**EXERCISE PROMPT:**
Once the pictures are set aside, copy everything else in the records exactly.

**MATERIAL PROVIDED:**

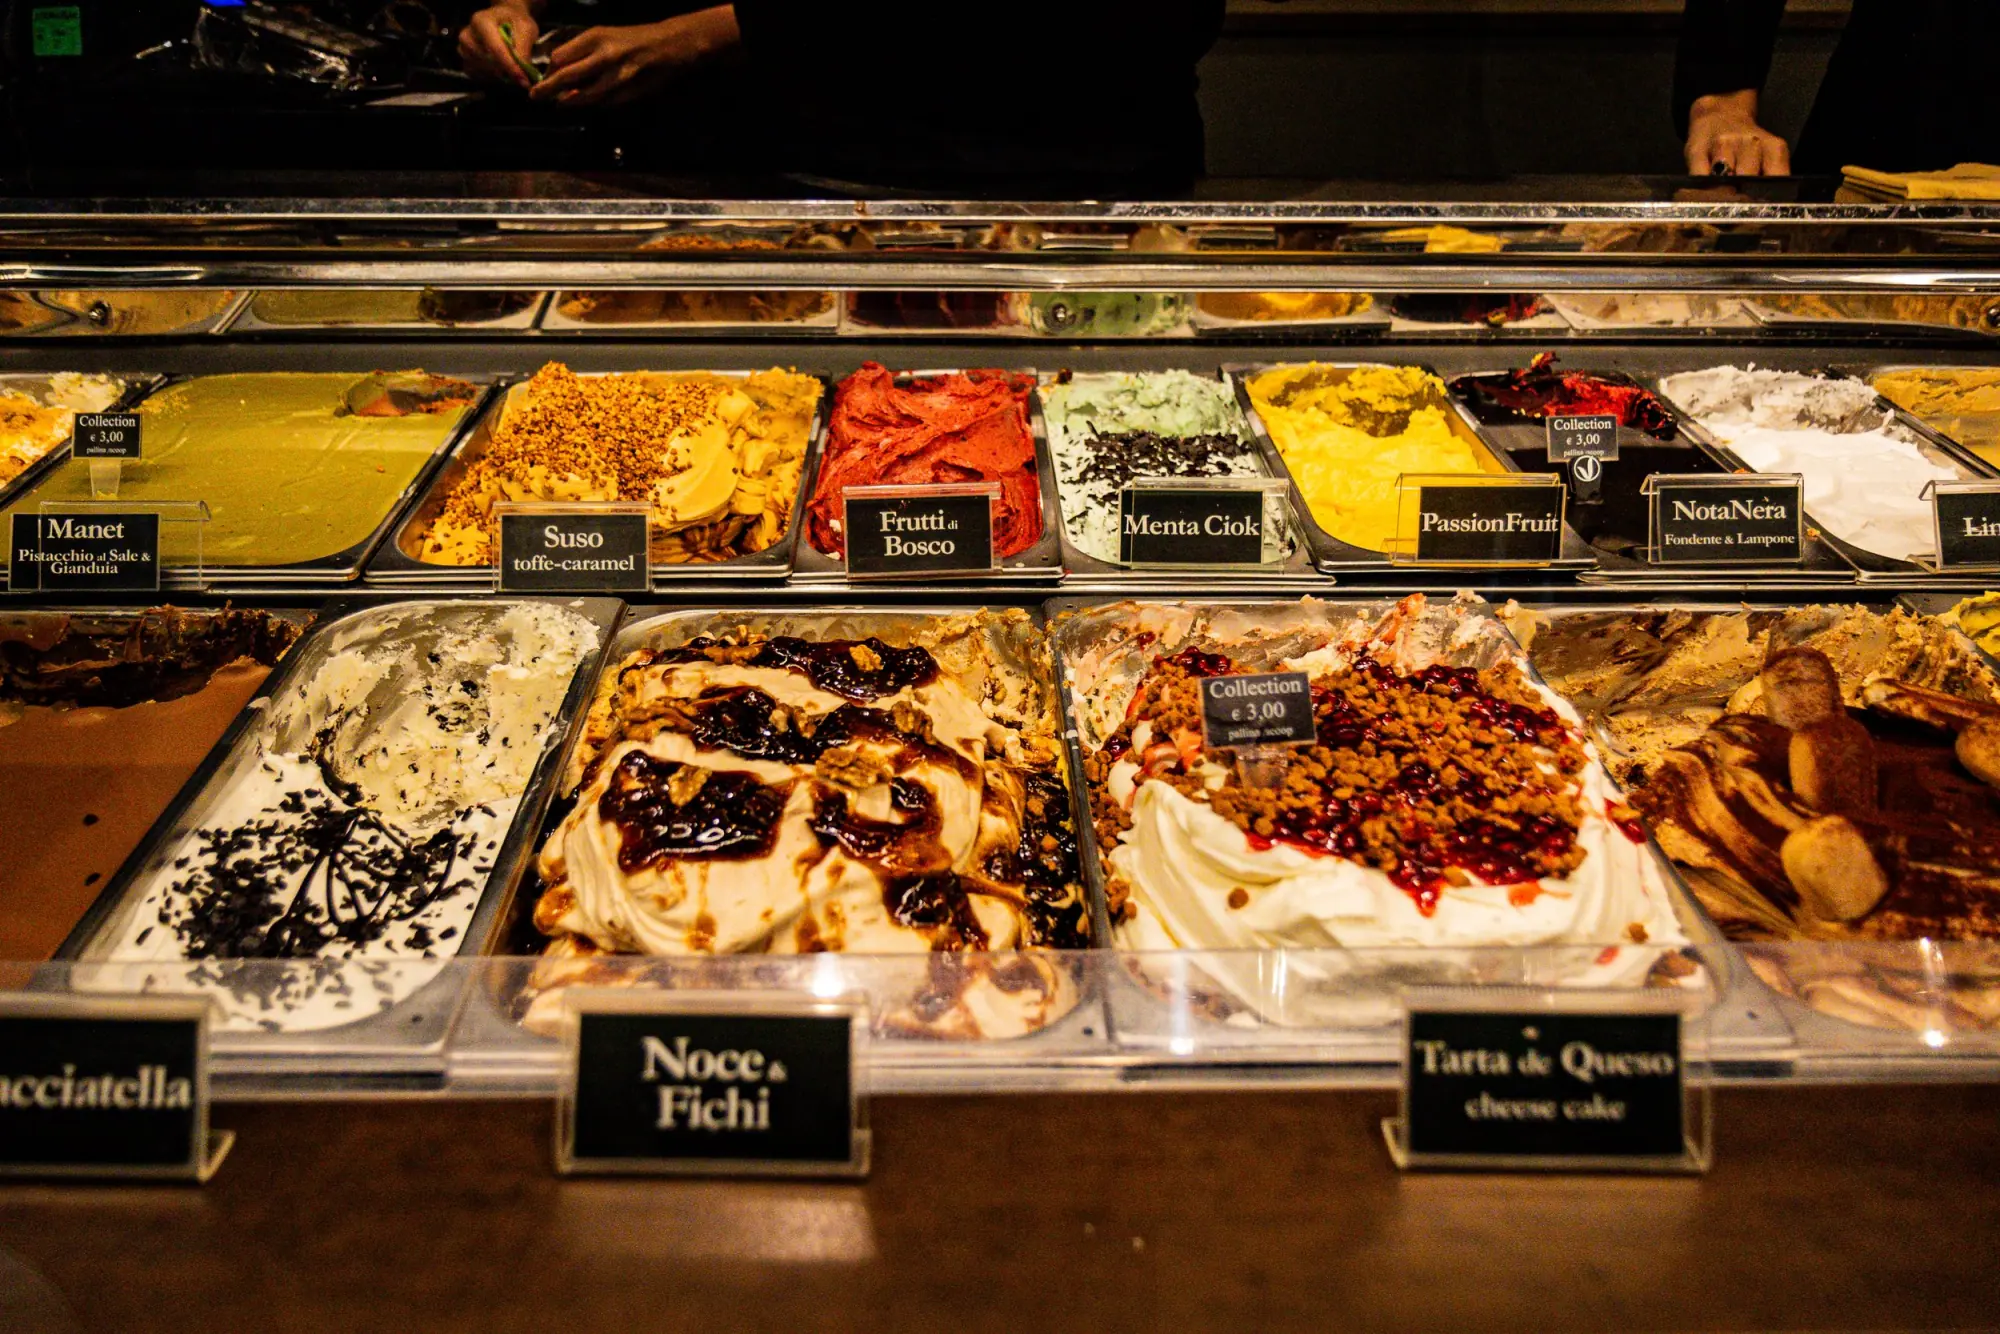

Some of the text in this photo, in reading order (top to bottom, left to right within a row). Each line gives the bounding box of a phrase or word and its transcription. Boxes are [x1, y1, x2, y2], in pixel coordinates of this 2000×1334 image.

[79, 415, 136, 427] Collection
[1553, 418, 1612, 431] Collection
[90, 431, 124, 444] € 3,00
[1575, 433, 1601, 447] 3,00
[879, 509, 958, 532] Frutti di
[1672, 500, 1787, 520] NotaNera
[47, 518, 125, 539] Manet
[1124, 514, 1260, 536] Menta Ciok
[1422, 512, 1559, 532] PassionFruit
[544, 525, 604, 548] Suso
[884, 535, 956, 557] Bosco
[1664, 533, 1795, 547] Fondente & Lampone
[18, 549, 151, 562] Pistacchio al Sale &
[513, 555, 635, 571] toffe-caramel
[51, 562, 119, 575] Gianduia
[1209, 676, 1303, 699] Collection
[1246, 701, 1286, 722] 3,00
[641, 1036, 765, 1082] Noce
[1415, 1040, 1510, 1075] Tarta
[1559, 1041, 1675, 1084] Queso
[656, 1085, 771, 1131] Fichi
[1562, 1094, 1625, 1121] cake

**OUTPUT BELOW:**
Some of the text in this photo, in reading order (top to bottom, left to right within a row). Each line gives the bounding box of a phrase or word and its transcription. Boxes are [x1, y1, x2, y2], in pixel coordinates of this 2000×1334 image.

[79, 415, 136, 427] Collection
[1553, 418, 1612, 431] Collection
[90, 431, 124, 444] € 3,00
[1575, 433, 1601, 447] 3,00
[879, 509, 958, 532] Frutti di
[1672, 500, 1787, 520] NotaNera
[47, 518, 125, 539] Manet
[1124, 514, 1260, 536] Menta Ciok
[1422, 512, 1559, 532] PassionFruit
[544, 525, 604, 548] Suso
[884, 535, 956, 557] Bosco
[1664, 533, 1795, 547] Fondente & Lampone
[18, 549, 151, 562] Pistacchio al Sale &
[513, 555, 635, 571] toffe-caramel
[51, 562, 119, 575] Gianduia
[1209, 676, 1303, 699] Collection
[1246, 701, 1286, 722] 3,00
[641, 1036, 765, 1082] Noce
[1415, 1040, 1510, 1075] Tarta
[1559, 1041, 1675, 1084] Queso
[656, 1085, 771, 1131] Fichi
[1562, 1094, 1625, 1121] cake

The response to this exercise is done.